Yes there is blatant sexism happening in Indian IT industry's Tech Giants and
yes many more people are going to get rejected, but theres nothing you can do
about it. Those who don't believe this, just ask placement interview
experience from a coed university vs a girls only college. See I'm not against
women empowerment or existence of girls only college here, but when one party
gets grilled on advanced cp problems and the other gets asked about why should
we hire you as their sole question (yes the only question they be asked about
for a tech position like sdeI) then theres ought to be questions here. There
are companies that are just ticking/filling their diversity quotas. I've many
many examples(or anecdotal experiences) from me and many other people I know
of and I am willing to share then if anyone wants to hear.

But we've come to a point where anything said against such rigged systems will
get you labelled as women hater or anti_feminist. So what did I do? I caved
in. I asked my girlfriend who got placed in a mass recruiter Company with mere
3.4 lpa to prepare for 1-2 months and give interviews for a big tech company
in blore region and guess who gets 15 lpa package? I told her small sister who
still was in last year of her girl's only college about diversity hiring and
she got placed in another tech giant.

Don't fight them, instead go with the flow.
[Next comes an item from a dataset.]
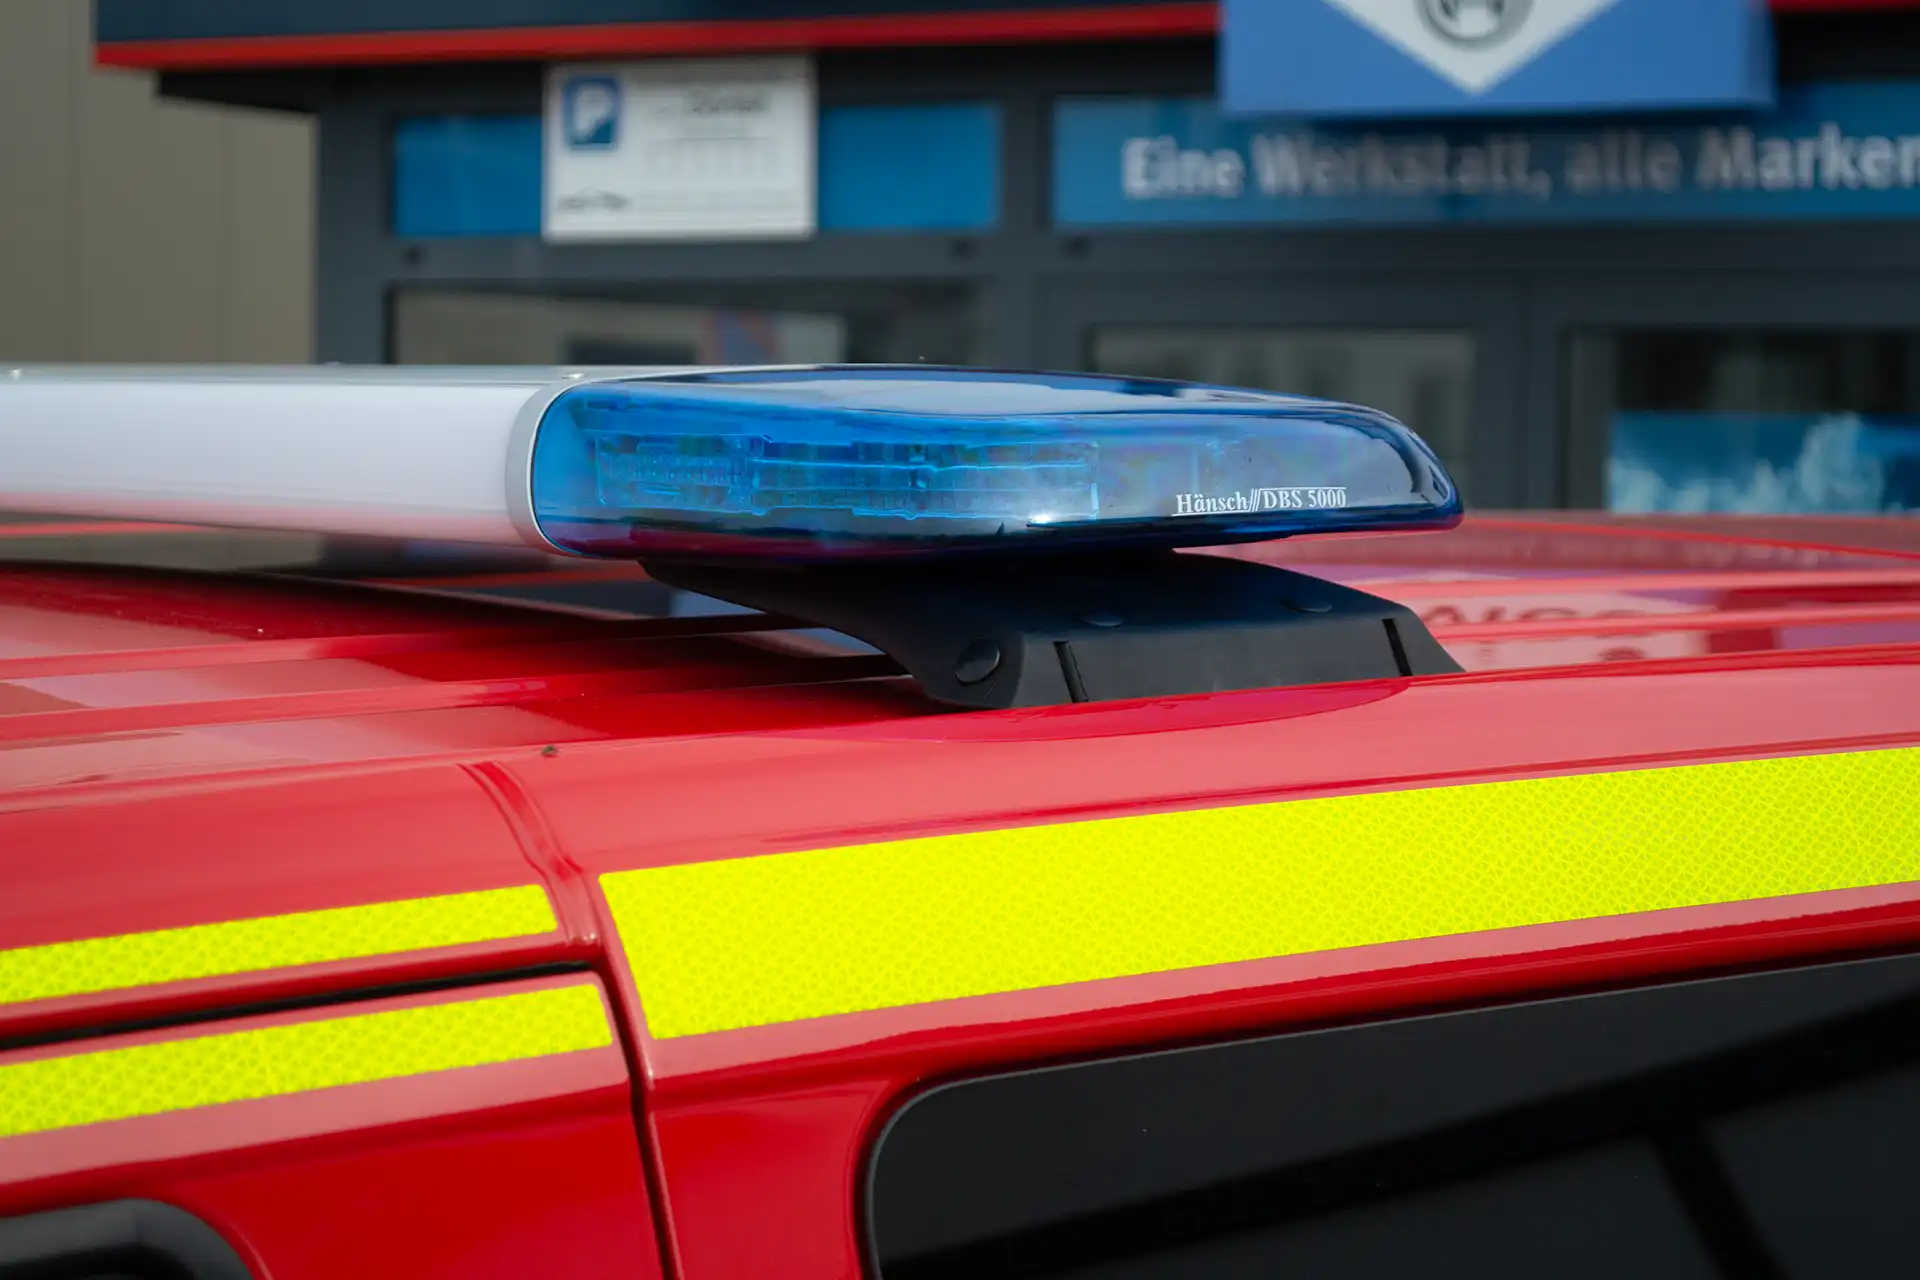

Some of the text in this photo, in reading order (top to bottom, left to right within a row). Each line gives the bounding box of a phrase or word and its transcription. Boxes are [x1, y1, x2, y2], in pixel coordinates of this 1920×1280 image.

[573, 82, 611, 142] P
[1123, 136, 1243, 198] Eine
[1565, 131, 1681, 193] alle
[1175, 488, 1346, 514] Hänsch DBS 5000
At this point no one cares about
your hardwork or actually helping under priveleged girls, all they care about
is how to fill the diversity quota. Girls in those quota based hiring are
already equipped with enough resources to get them jobs in tech giants without
any external help, girls in ignou or not having formal degrees but great hands
on experiences are severely neglected.

Anyways I know there's a big chance your post will be deleted or shadowbanned,
most likely mine too so good luck with that. I just hope this messages reaches
you and you move on past this problem.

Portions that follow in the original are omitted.